Revealing, too, is the case of actor Georgi Giorganashvili, also known as Bakhala. On 28 January, Giorganashvili was sentenced to a minimum of eight years’ imprisonment by Tbilisi City Court. The actor was found guilty of acquiring and possessing particularly large quantities of narcotic substances – namely, 0.3726 grams of buprenorphine (“subutex”).
The defendant, one of the most popular Georgian actors of modern times, insists he’s innocent, claiming that, once again, the drugs were planted on him by police. Various public figures and NGOs have penned an open letter to the authorities, demanding that Bakhala be released.
“Drugs and psychedelia”
The frenzied nature of the debates around the drug policy question means that measured voices are often drowned out. But the work of singer Erekle Deisadze, a White Noise activist, has really got people speaking out (and dancing) in defence of their truth.
In a track called “Khalkuri”, Deisadze takes the motifs of leading Georgian composer Giya Kancheli and gives them an electronic makeover while chanting the praises of “drugs and psychedelia”. The accompanying music video, which appeared on YouTube in January, has received over 600,000 views – not bad by the standards of Georgian internet. That said, local radio stations still haven’t ventured to give the track any airplay.
The vast majority of experts surveyed on the matter agree that the state machine, powerless to implement effective prevention strategies, finds it more straightforward simply to punish drug users. But in the minds of majority, Georgia is the birthplace of winemaking, and Georgians are capable of making high-flown toasts at the dinner table for whole days on end.

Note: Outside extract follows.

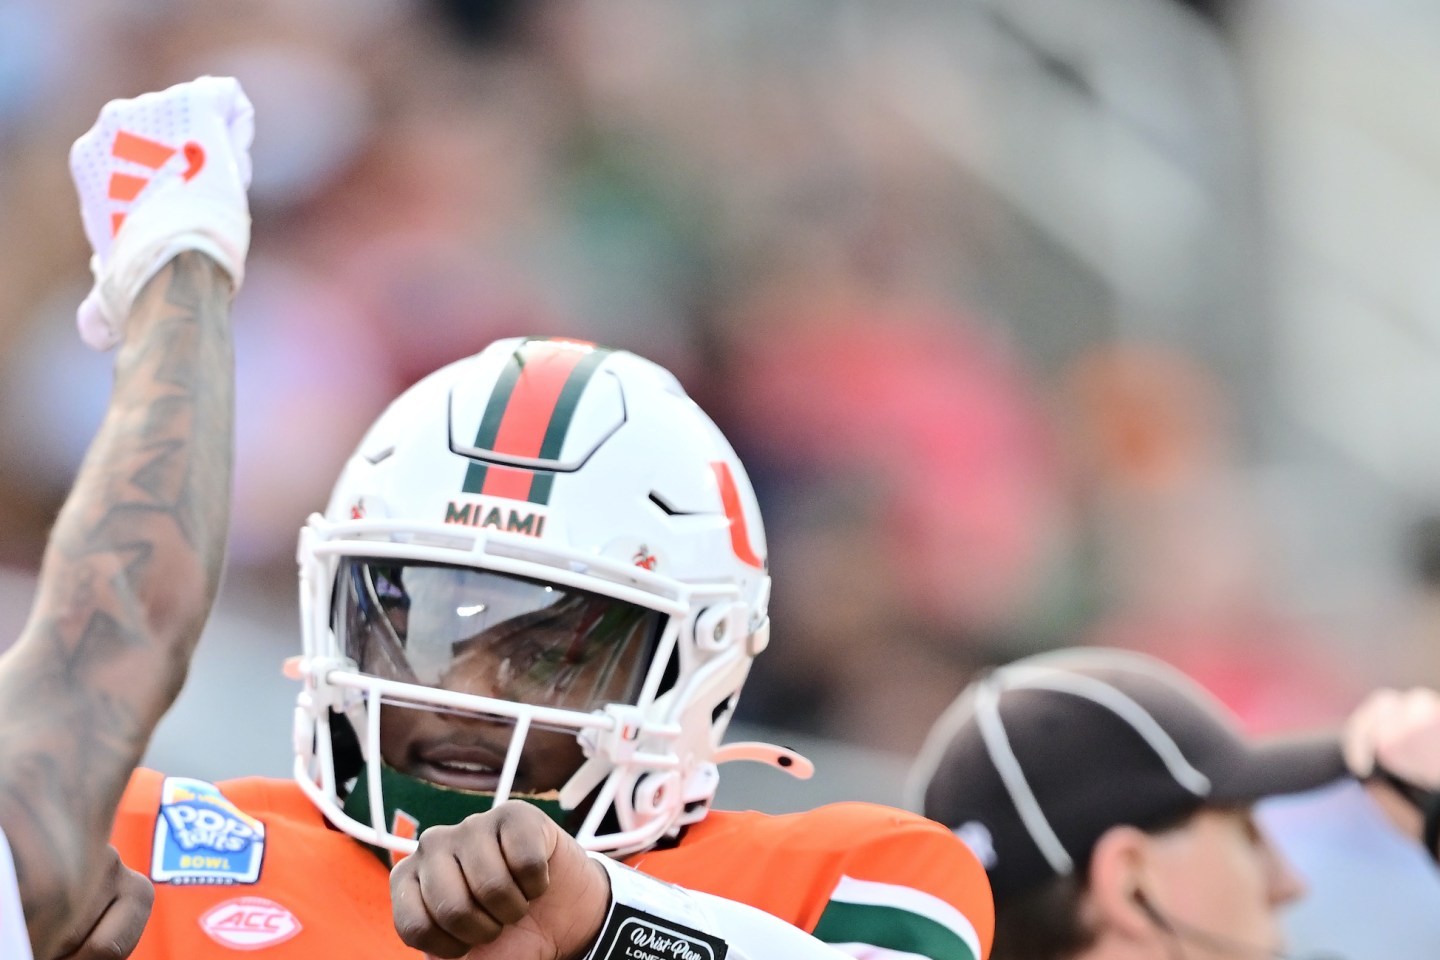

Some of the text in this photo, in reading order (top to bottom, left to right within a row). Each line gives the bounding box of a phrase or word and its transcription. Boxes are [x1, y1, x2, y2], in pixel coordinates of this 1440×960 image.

For many decades, the ability to down glass after glass of red wine was regarded in these parts as a man’s greatest selling point. As the years have gone by, though, Georgia’s dinner-table traditions – and the cult of the tamara – have begun to die away. For Georgians, the topic of drug decriminalisation has become a kind of litmus test. It would appear that traditionally-minded strata of Georgian society are not yet ready to make the switch from wine to marijuana.